Excision of residual masses after platinum based chemotherapy for non-seminomatous germ cell tumours.

Between January 1980 and June 1987, 42 patients receiving platinum based combination chemotherapy for advanced non-seminomatous germ cell tumours had residual masses, detected by computed tomography, after four or six treatment courses without tumour marker evidence of active disease. Resection of retroperitoneal (n = 32), pulmonary (n = 4) or thoracoabdominal (n = 2) disease revealed residual malignancy in nine patients (21%), differentiated teratoma in 14 (33%) and fibrosis or necrosis in 15 (36%). Laparotomy showed no evidence of a mass in four instances. Of the 42 patients, 14 had malignant teratoma undifferentiated in the primary tumour only one of whom (7%) had evidence of malignancy in the specimen resected post-chemotherapy.
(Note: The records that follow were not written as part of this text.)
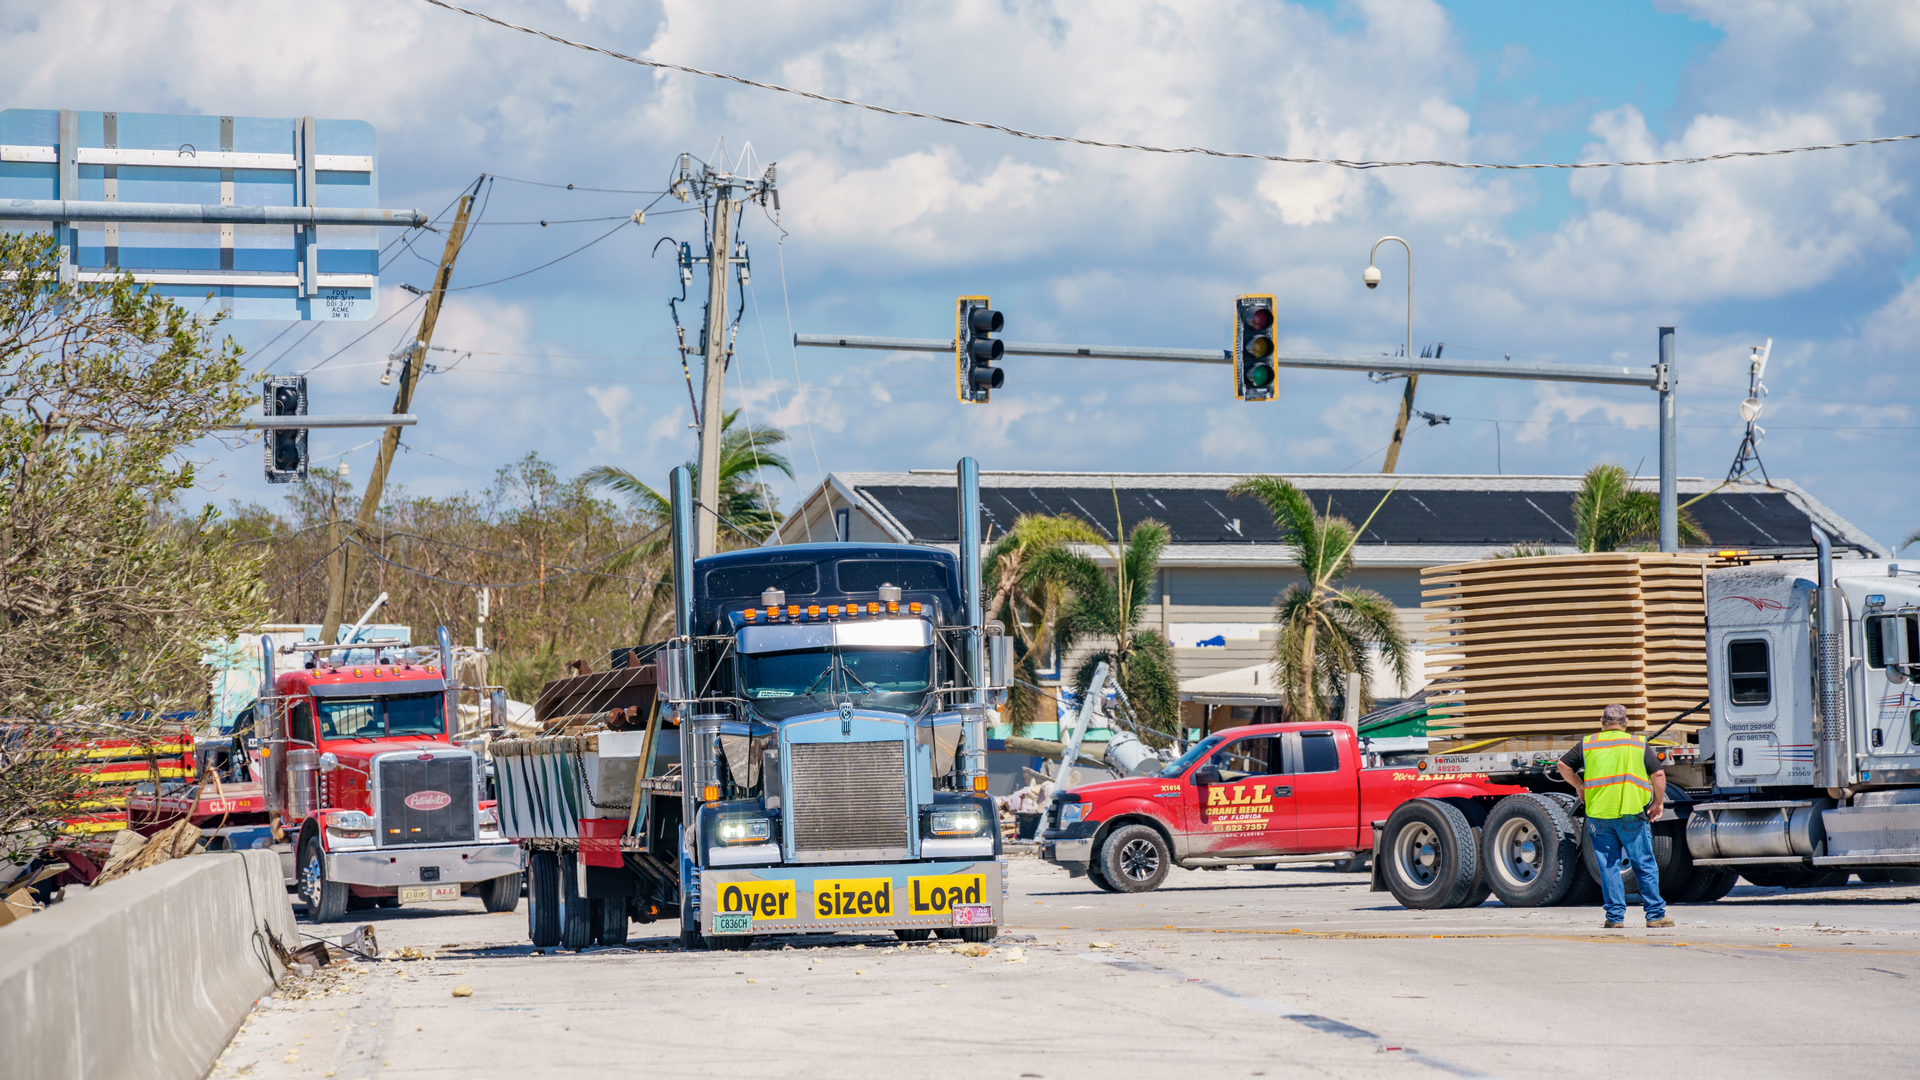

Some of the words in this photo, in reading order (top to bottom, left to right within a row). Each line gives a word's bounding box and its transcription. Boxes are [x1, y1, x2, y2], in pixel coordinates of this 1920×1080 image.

[411, 794, 448, 806] Peterbilt
[1207, 785, 1272, 806] ALL
[1205, 807, 1238, 815] CRANE
[1238, 805, 1274, 814] RENTAL
[723, 885, 789, 917] Over
[818, 882, 890, 916] sized
[913, 877, 980, 912] Load
[720, 919, 747, 928] C836CH
Conversely, six of 15 patients (40%) whose primary tumour was malignant teratoma intermediate had residual malignant tissue after treatment. With a median follow up of 36 months from post-chemotherapy surgery, 36 patients (86%) are continuously disease-free. Relapses occurred in one of nine patients with residual malignancy (11%), three of 14 with differentiated teratoma (21%), one of 15 with necrosis or fibrosis (7%) and in one patient who had a normal laparotomy. Four patients have died from their tumours, but two are currently disease-free following further surgery and chemotherapy for relapse. Neither primary nor post-chemotherapy histology was predictive of relapse, and although relapse was numerically more common in patients whose residual mass was incompletely excised (three of 12), this was not statistically significant.